Нравится это нам или нет, искусство — линейный процесс. Чтобы уберечь себя от попятного хода, искусство пользуется понятием клише. История искусств — это история наращивания и уточнения, история расширения перспективы человеческого мироощущения, история обогащения или, чаще, конденсации средств выражения. Каждая новая психологическая или эстетическая реальность, введенная в искусство, мгновенно устаревает для следующего, приступающего к этому занятию. Автор, пренебрегающий этим правилом, в несколько иных выражениях сформулированным Гегелем, автоматически обрекает свою работу — неважно, насколько хорошую прессу она получит на рынке, — на статус макулатуры.

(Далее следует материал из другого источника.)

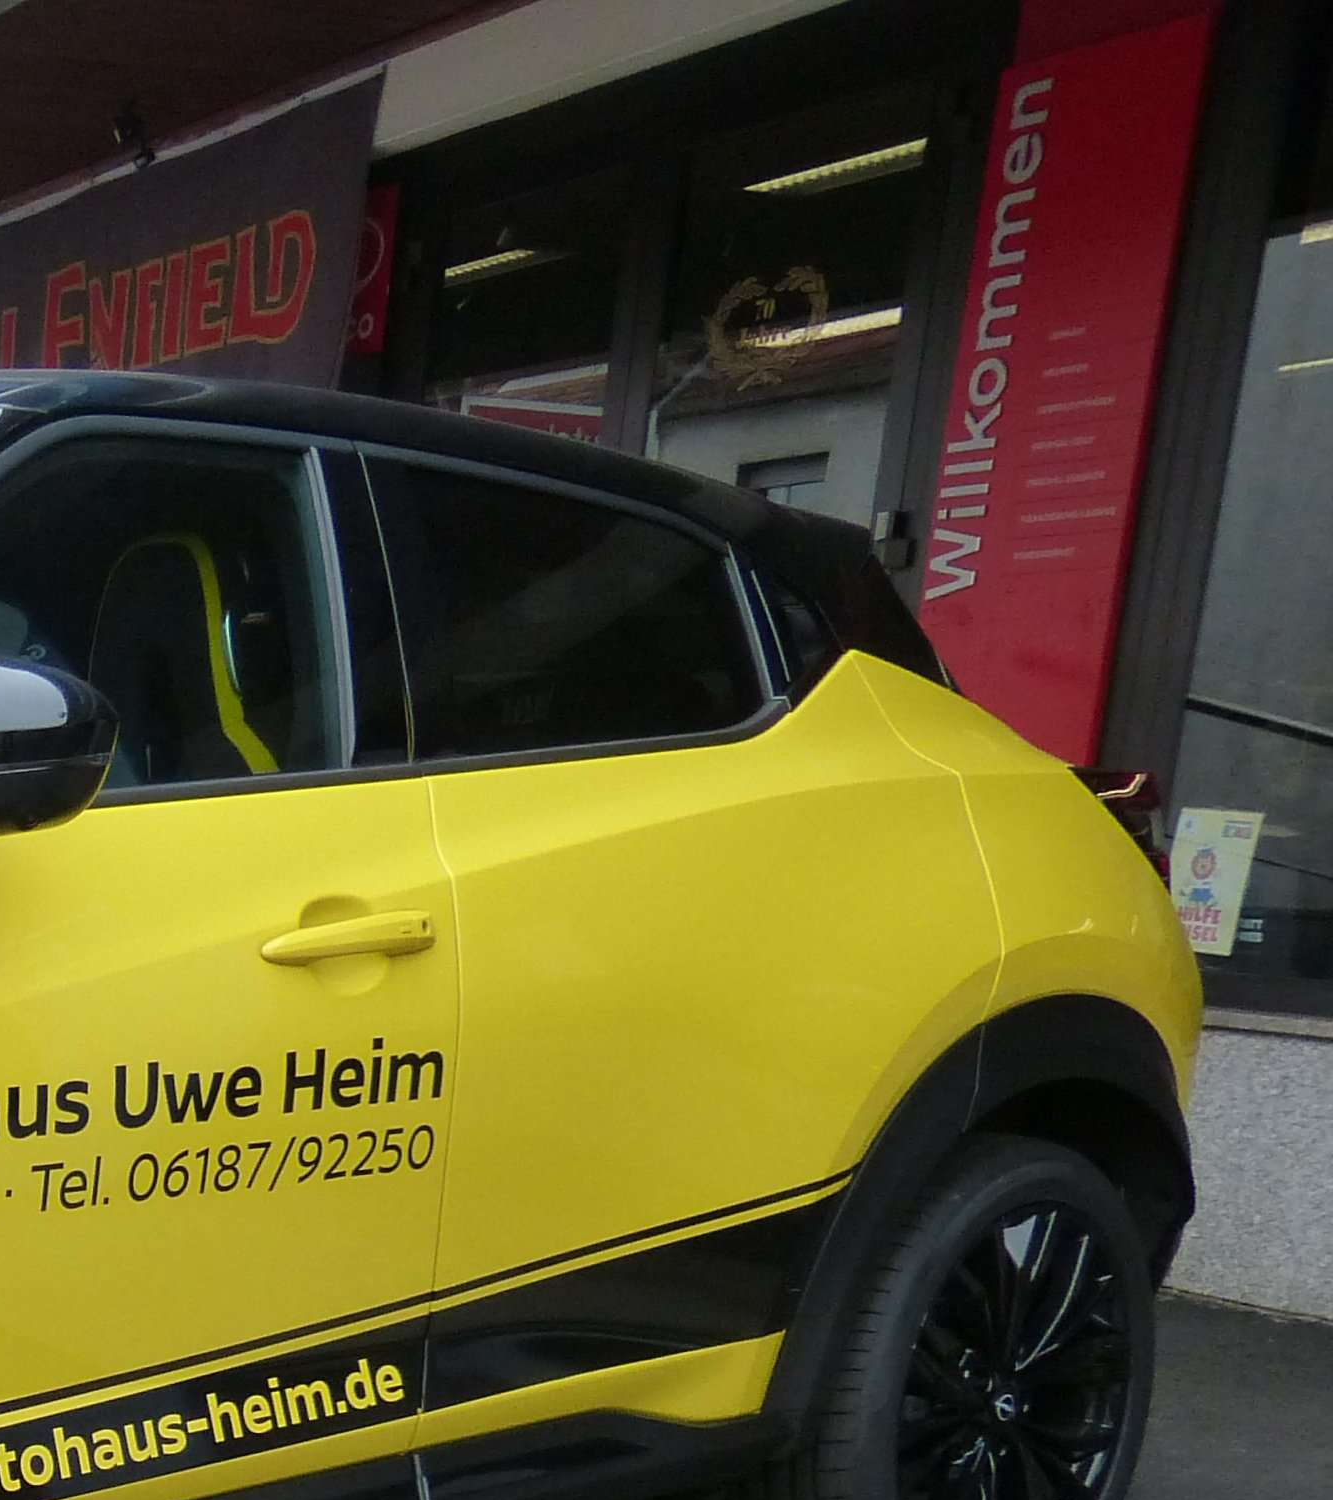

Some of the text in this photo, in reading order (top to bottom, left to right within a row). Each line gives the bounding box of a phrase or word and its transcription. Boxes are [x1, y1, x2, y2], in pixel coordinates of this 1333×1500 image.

[41, 209, 316, 371] ENFIELD
[925, 76, 1055, 601] Willkommen
[114, 1061, 263, 1129] Uwe
[282, 1037, 444, 1114] Heim
[31, 1155, 110, 1212] Tel.
[128, 1124, 435, 1202] 06187/92250

Но если бы такова была участь только его работ или даже его собственная участь, это было бы еще не так страшно. И тот факт, что предложение макулатуры рождает спрос на макулатуру, тоже не так страшен; для искусства как такового это не опасно: оно всегда заботится о своих, как это делает беднота или представители животного царства. В прозе, не являющейся искусством, страшно то, что она компрометирует описываемую в ней жизнь и играет роль ограничителя в развитии индивидуума. Такого рода проза предлагает нам конечные вещи там, где искусство предложило бы бесконечные, успокоение вместо стимула, утешение вместо приговора. Короче, она предает человека его метафизическим или социальным врагам, имя которым и в том и в другом случае — легион.

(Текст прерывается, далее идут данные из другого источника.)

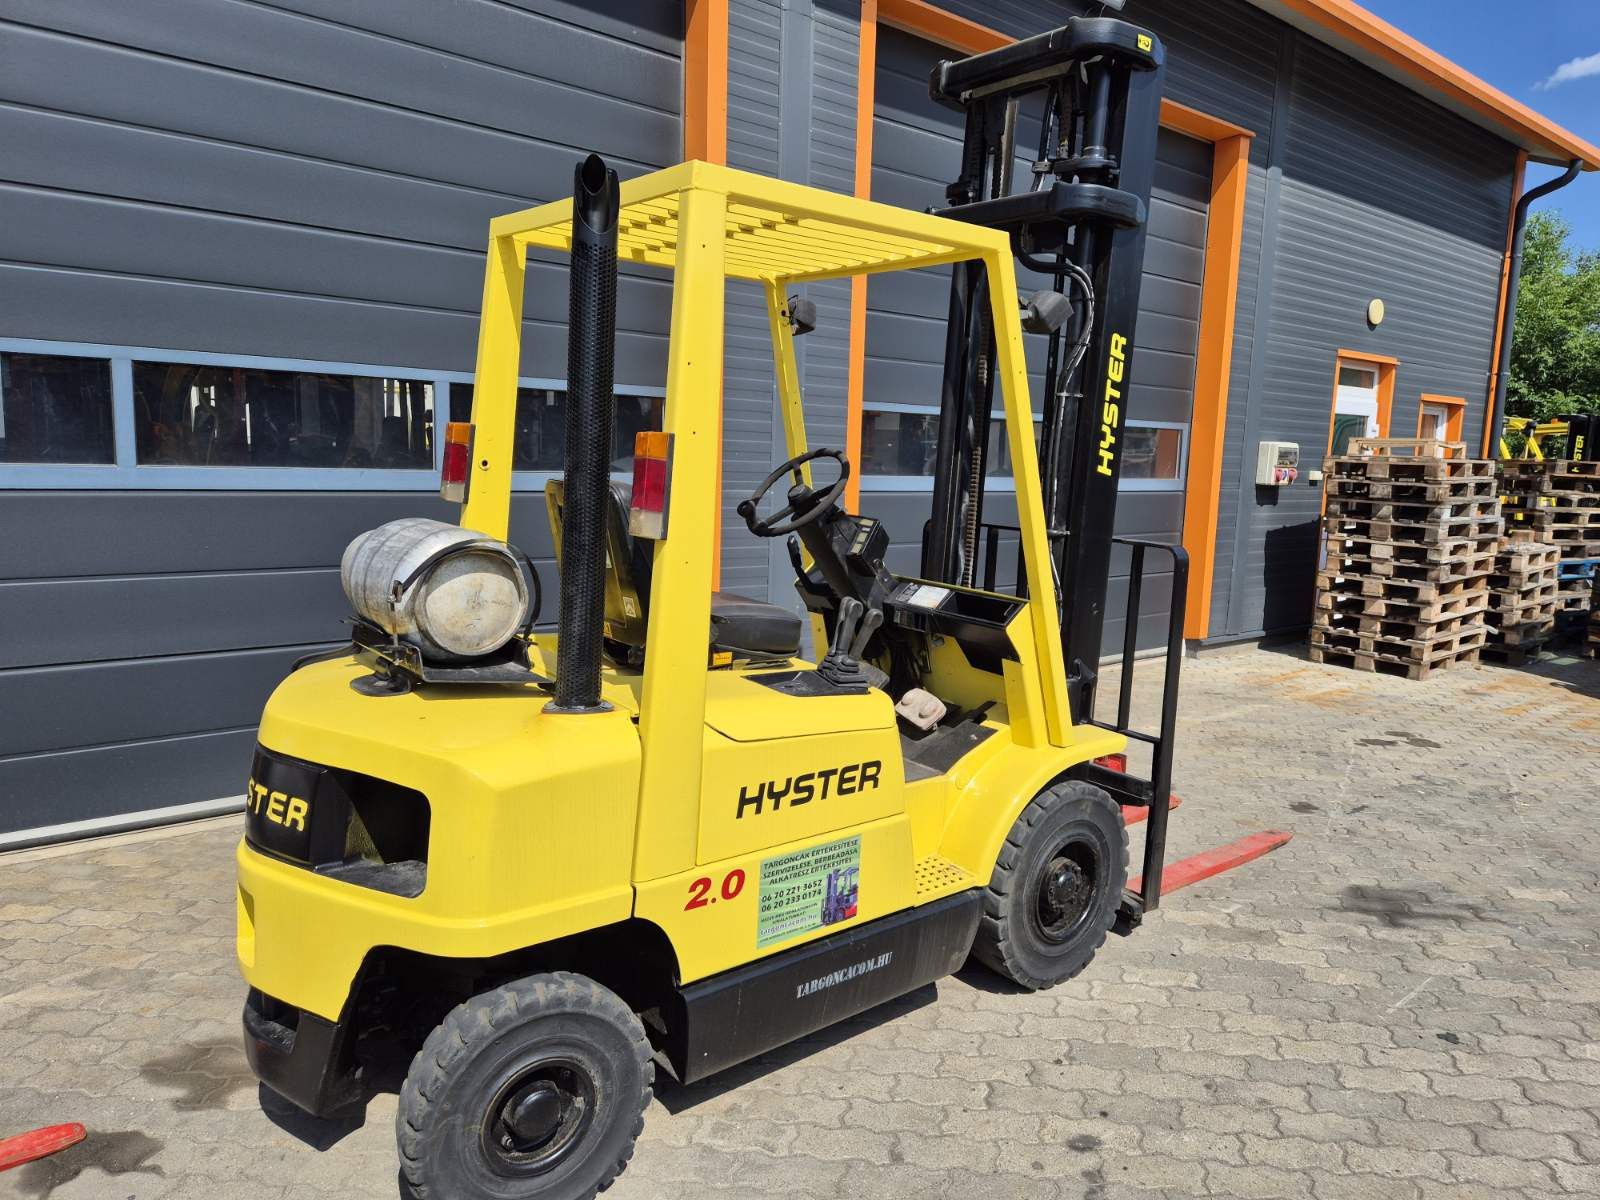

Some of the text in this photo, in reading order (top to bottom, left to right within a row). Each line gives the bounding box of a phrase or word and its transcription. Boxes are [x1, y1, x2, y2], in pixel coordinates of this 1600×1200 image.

[1096, 332, 1128, 477] HYSTER
[735, 759, 882, 819] HYSTER
[683, 868, 746, 911] 2.0
[761, 903, 772, 913] 06
[774, 900, 784, 909] 20
[785, 894, 801, 905] 233
[762, 894, 772, 903] 06
[786, 885, 800, 896] 221
[803, 879, 822, 891] 3652
[796, 951, 893, 1000] TARGONCACOM.HU

Сколь бы бессердечно это ни прозвучало, состояние, в котором пребывает сегодня русская проза, — дело ее собственных рук; печально, что она продлевает это состояние, оставаясь такой, как есть. Поэтому поминать здесь политику — оксюморон, точнее — порочный круг, ибо политика заполняет вакуум, как раз искусством и оставленный в умах и сердцах людей. В злоключениях русской прозы двадцатого века должен содержаться какой-то урок для других литератур, ибо русским писателям все же чуть более простительно делать то, что они делают сегодня, когда Платонов умер, нежели их коллегам в Америке гоняться за банальностями, когда жив Беккет.